Reverend Father smiled genially and tugged at a gold cross suspended on a gold chain around his neck. Taking up a crystal decanter he recharged his glass with whisky: single malt, Hedge could see from a bottle on top of a drinks cabinet — Glenturret from Scotland’s oldest distillery near Crieff in Perthshire. “You always were the most impossible little prig, Eustace,” Reverend Father said. “Why did you come if you’re so scathing?”
“I came for my own protection,” Hedge said angrily.
“Really? Can you be more precise?”
“I can be very precise. You know very well that I hold a most important post in Her Majesty’s Foreign —”
“Cut out the bullshit, my dear fellow, do,” Reverend Father said. “It simply doesn’t cut any ice with me —”
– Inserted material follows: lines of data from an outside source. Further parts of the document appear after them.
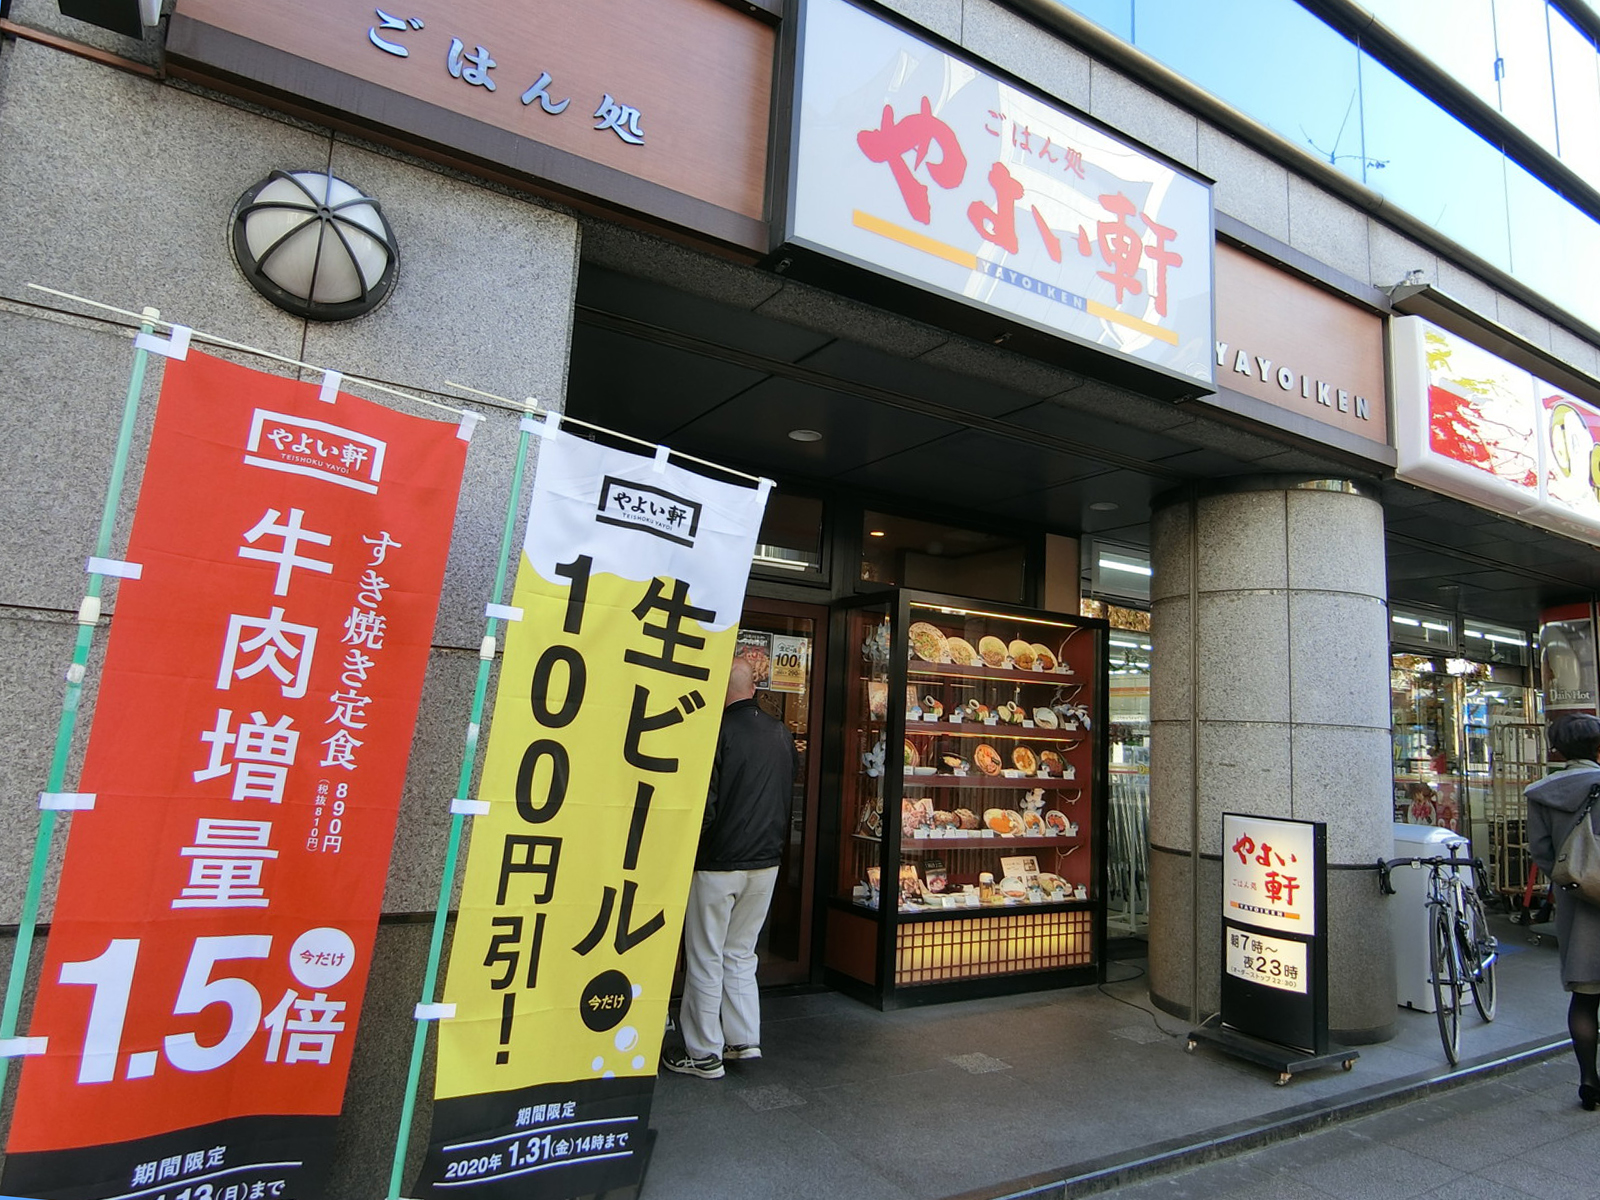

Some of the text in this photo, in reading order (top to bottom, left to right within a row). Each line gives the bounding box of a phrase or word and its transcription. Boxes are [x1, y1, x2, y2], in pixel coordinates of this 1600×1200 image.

[368, 8, 645, 145] ごはん処
[985, 109, 1085, 180] ごはん処
[857, 95, 1183, 318] やよい軒
[981, 260, 1083, 309] YAYOIKEN
[1216, 341, 1371, 420] YAYOIKEN
[267, 428, 369, 471] やよい軒
[280, 452, 350, 475] TEISHOKU YAYOI
[613, 491, 687, 528] やよい軒
[622, 512, 673, 531] TEISHOKU YAYOI
[172, 508, 334, 909] 牛肉増量
[320, 530, 402, 853] すき焼き定食 890円
[1573, 689, 1591, 700] Hot
[571, 576, 717, 956] 生ビール
[1232, 832, 1297, 867] やよい
[1232, 878, 1258, 892] ごはん処
[1264, 870, 1300, 906] 軒
[300, 949, 346, 967] 今だけ
[1243, 955, 1299, 980] 夜23時
[588, 994, 625, 1011] 今だけ
[515, 1101, 577, 1128] 期間限定
[131, 1145, 227, 1187] 期間限定
[444, 1153, 503, 1179] 2020年
“But don’t you see — my position, my career —”
“Oh, I’ve always respected that, Eustace. Well, not respected exactly. I’ve played along with you, kept myself out of your hair — haven’t I?”
“Yes,” Hedge said between his teeth, “because you know very well that I could make things very awkward indeed for you —”
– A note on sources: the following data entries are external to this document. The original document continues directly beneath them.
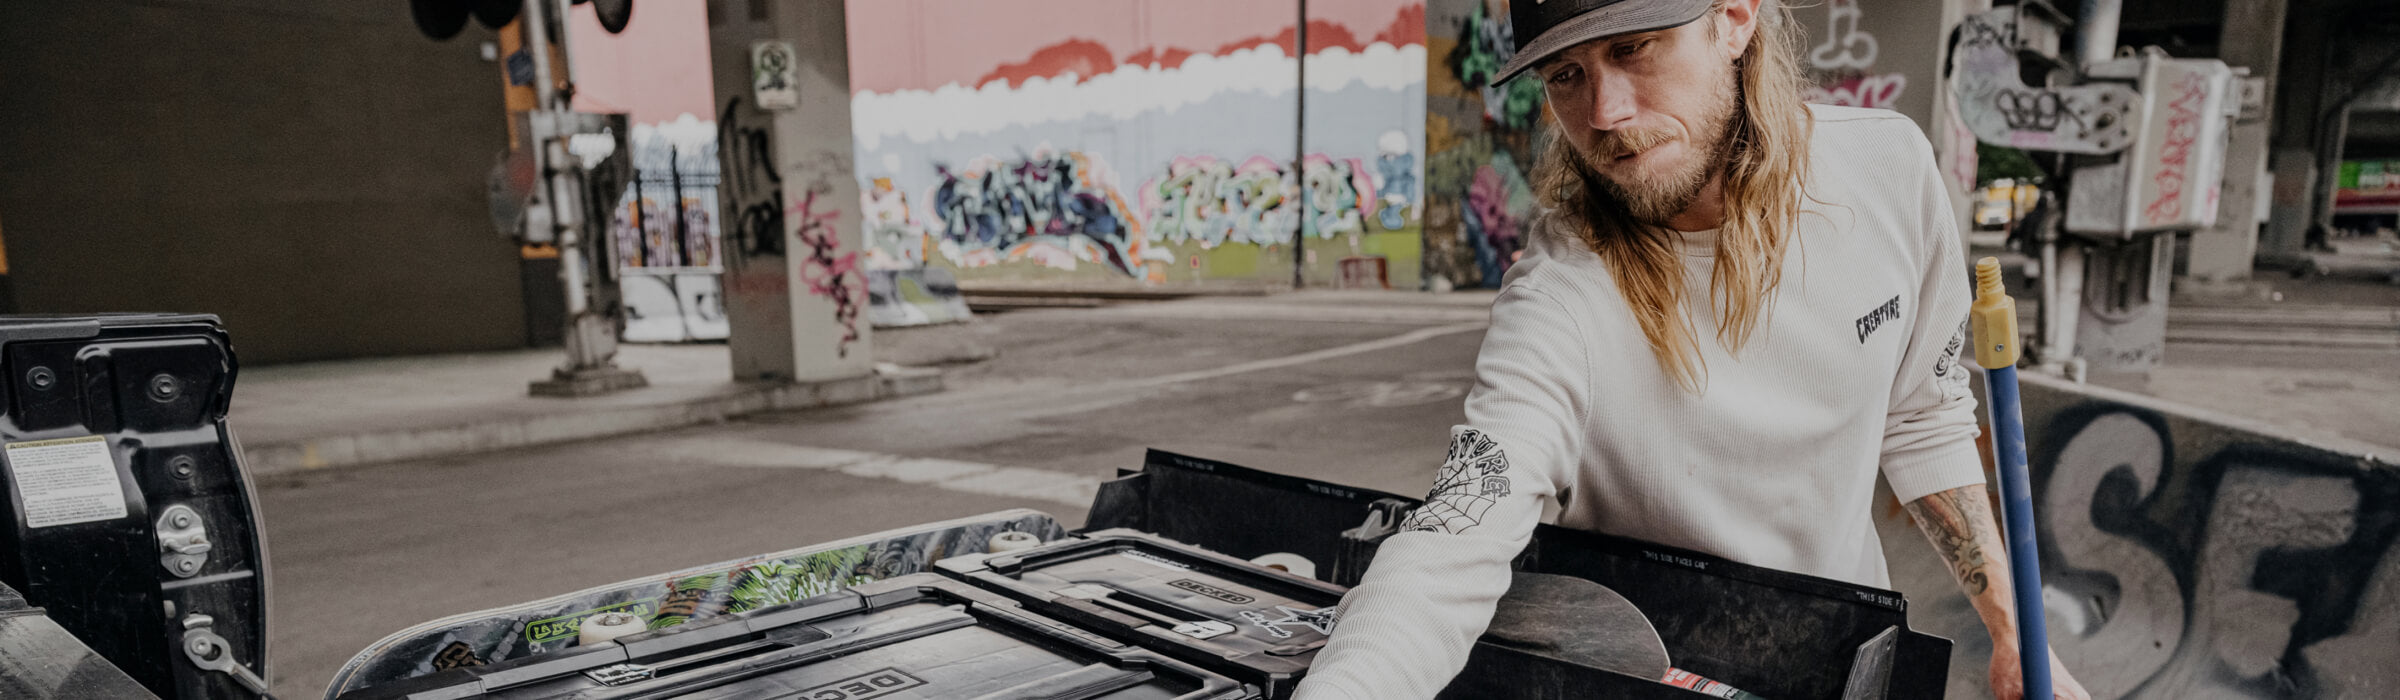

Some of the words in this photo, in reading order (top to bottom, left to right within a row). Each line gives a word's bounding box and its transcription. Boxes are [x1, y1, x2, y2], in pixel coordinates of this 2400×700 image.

[1178, 580, 1246, 604] DECKED
[1878, 595, 1893, 606] SIDE
[798, 674, 905, 700] DEC
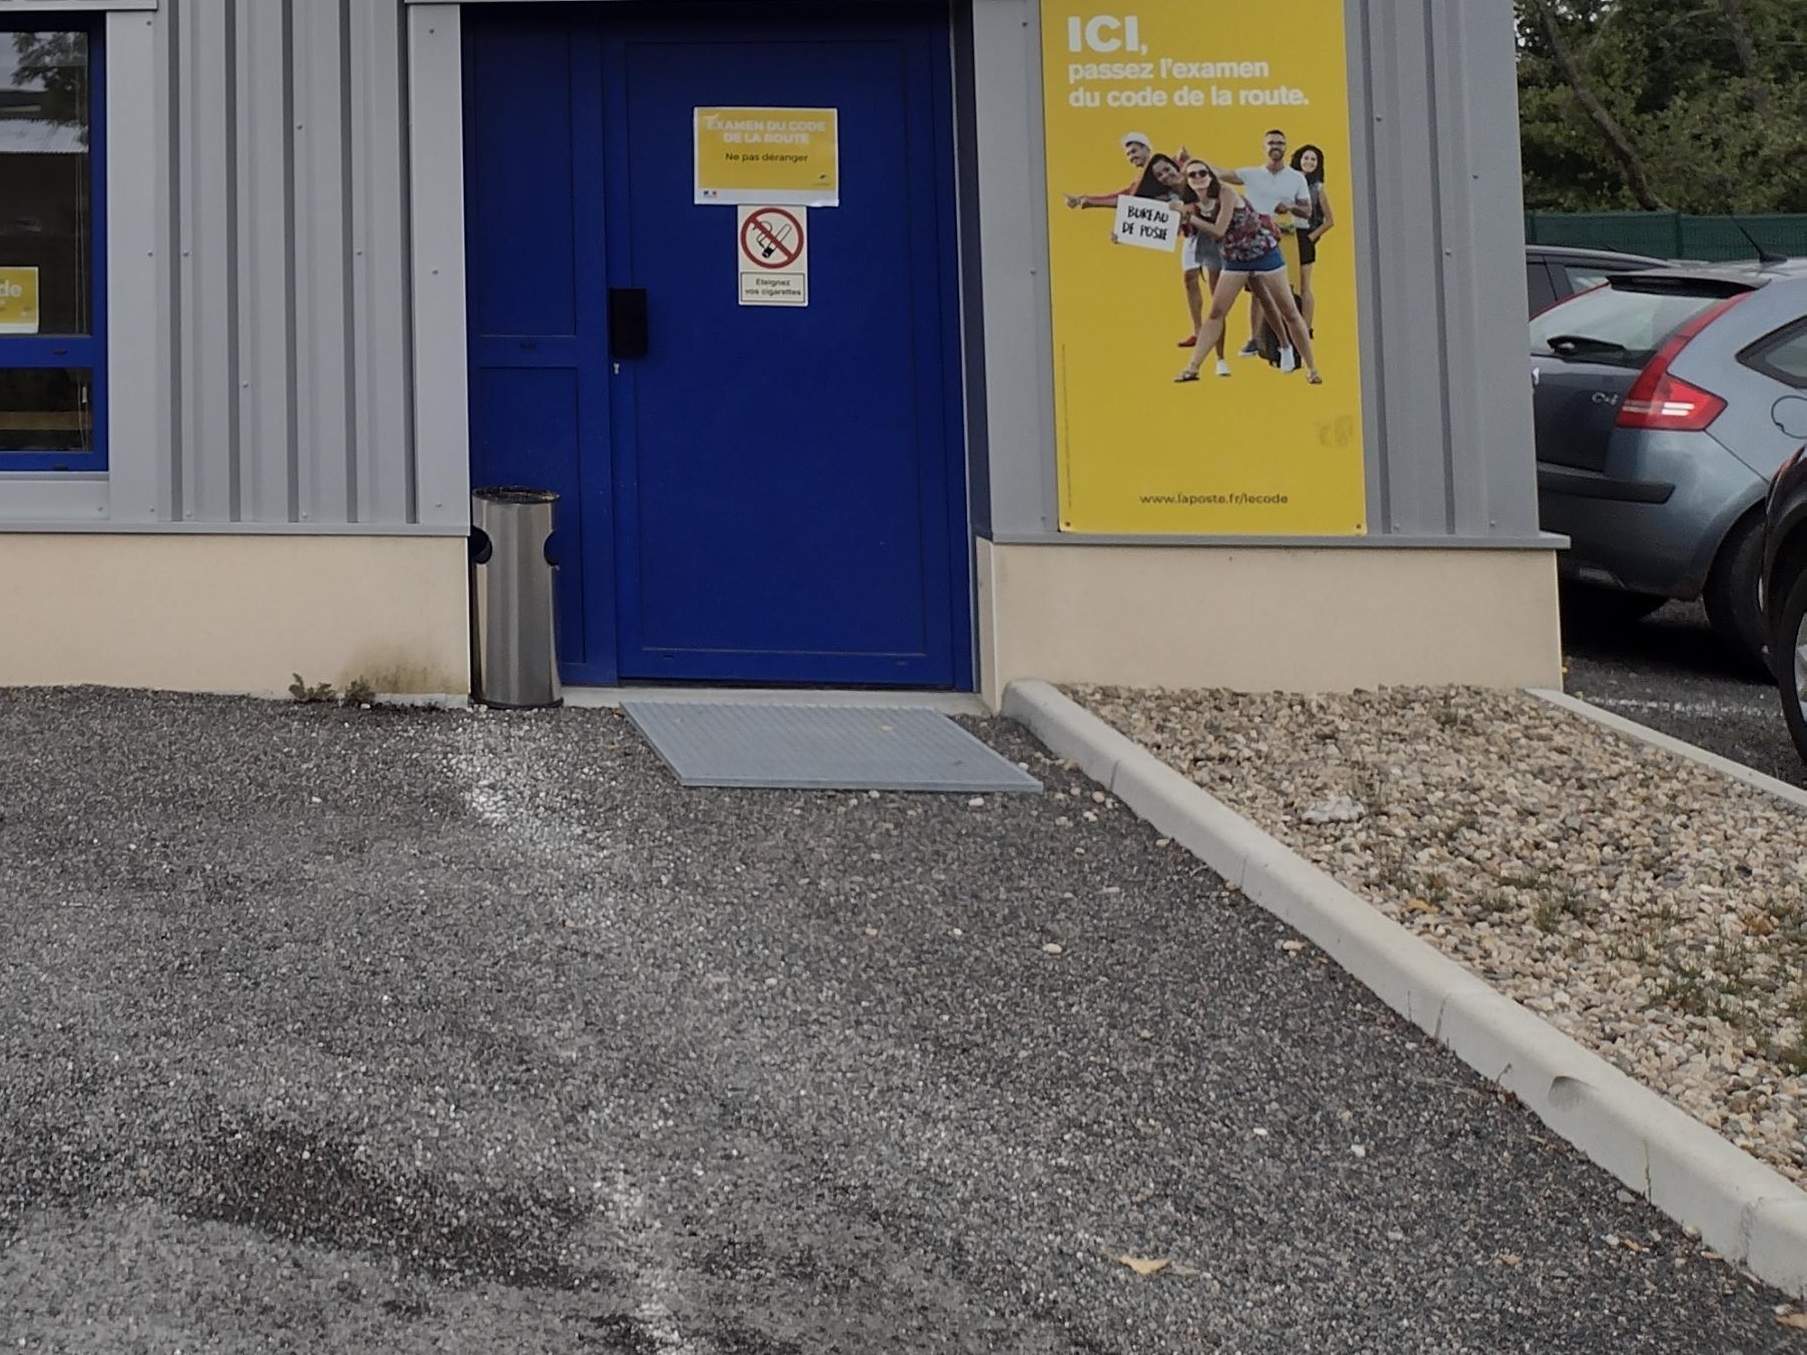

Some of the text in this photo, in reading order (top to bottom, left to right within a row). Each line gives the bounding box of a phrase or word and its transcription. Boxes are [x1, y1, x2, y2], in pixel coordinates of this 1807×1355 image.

[1067, 15, 1148, 55] ICI,
[1068, 58, 1270, 84] passez l'examen
[1068, 85, 1309, 107] du code de la route.
[706, 119, 826, 132] EXAMEN DU CODE
[723, 132, 809, 144] DE LA ROUTE
[725, 152, 808, 163] Ne pas déranger
[1127, 205, 1169, 223] BUREAU
[1122, 221, 1168, 241] DE POSTE
[761, 288, 801, 296] cigarettes
[1140, 493, 1289, 506] www.laposte.fr/lecode
“And I for you, dear boy,” Cousin Wally said, pointing a finger. “I for you. Don’t forget that.”
“I don’t forget it for one moment. That’s why I’ve come to see you. When I heard you’d gone down from South Kensington.”
“Yes, I knew you’d telephoned. Oliphant rang to say so —”
“Oh, really, and I wish you’d tell him not to address me as ducky. I don’t care for it.”
Reverend Father raised his eyebrows above well-fed cheeks. “You don’t? I’m so sorry, Eustace. I’ll have words with the estimable Oliphant. Now: what exactly have you come here for? I don’t recollect that you’ve come across with that yet.”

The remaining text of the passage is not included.